Alzheimer's disease and environmental exposure to lead: the epidemiologic evidence and potential role of epigenetics

Abstract

Several lines of evidence indicate that the etiology of late-onset Alzheimer's disease (LOAD) is complex, with significant contributions from both genes and environmental factors. Recent research suggests the importance of epigenetic mechanisms in defining the relationship between environmental exposures and LOAD. In epidemiologic studies of adults, cumulative lifetime lead (Pb) exposure has been associated with accelerated declines in cognition. In addition, research in animal models suggests a causal association between Pb exposure during early life, epigenetics, and LOAD. There are multiple challenges to human epidemiologic research evaluating the relationship between epigenetics, LOAD, and Pb exposure.

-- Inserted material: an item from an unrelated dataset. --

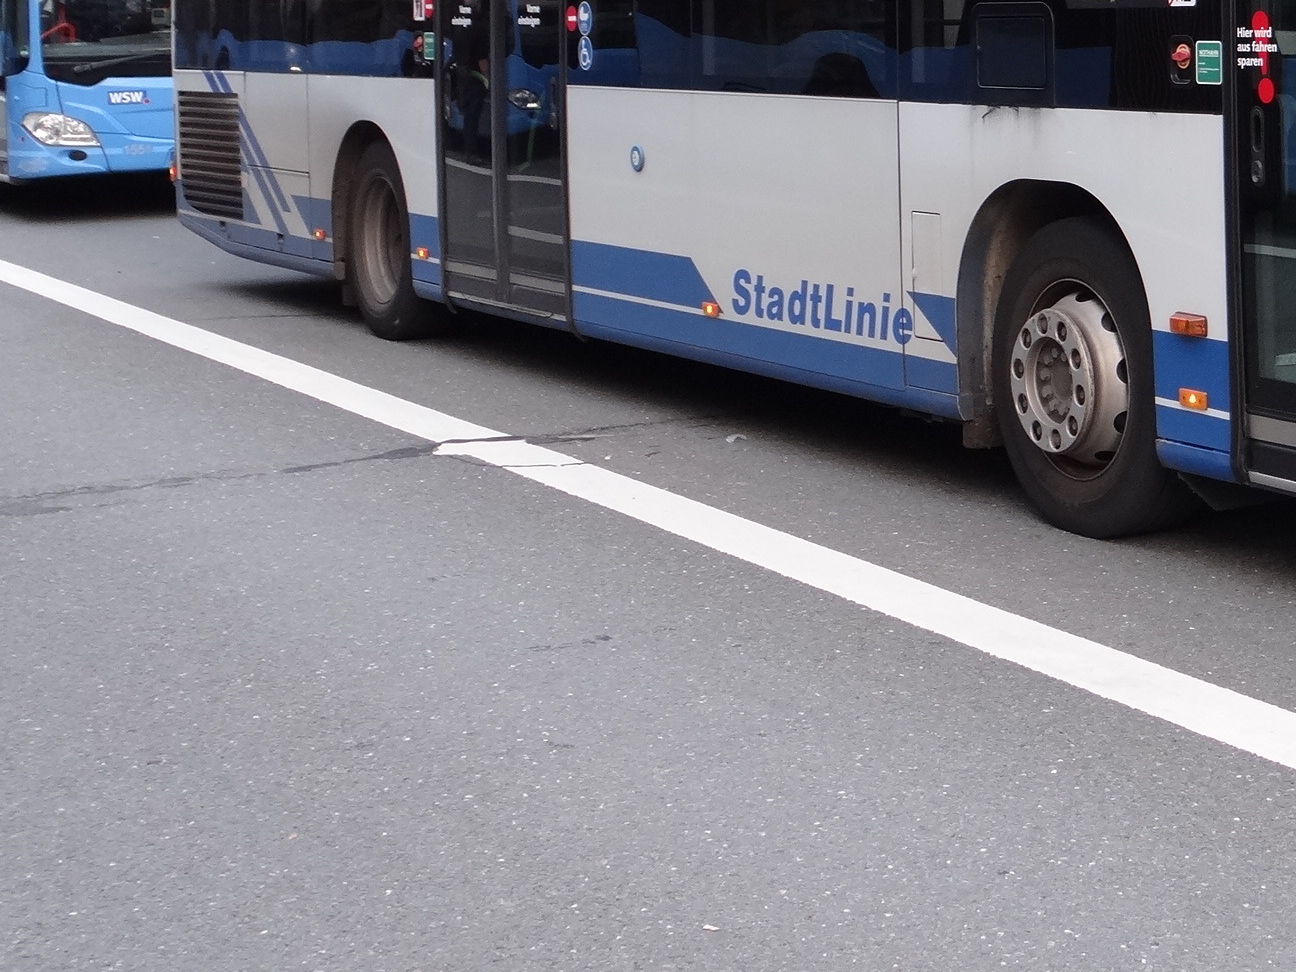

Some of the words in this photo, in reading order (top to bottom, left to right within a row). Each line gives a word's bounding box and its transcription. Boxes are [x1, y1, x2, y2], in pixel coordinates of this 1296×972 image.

Epidemiologic studies are not well-suited to accommodate the long latency period between exposures during early life and onset of Alzheimer's disease. There is also a lack of validated circulating epigenetics biomarkers and retrospective biomarkers of Pb exposure. Members of our research group have shown bone Pb is an accurate measurement of historical Pb exposure in adults, offering an avenue for future epidemiologic studies. However, this would not address the risk of LOAD attributable to early-life Pb exposures. Future studies that use a cohort design to measure both Pb exposure and validated epigenetic biomarkers of LOAD will be useful to clarify this important relationship.

Fig. (1)

Conceptual diagram describing the relationship between environmental exposures, including to the heavy metal lead, with the development of late-onset Alzheimer’s disease. There is a complex interplay of genetics and epigenetic programming. Epidemiologic cohort studies can be designed to study different stages in the life course leading to disease development.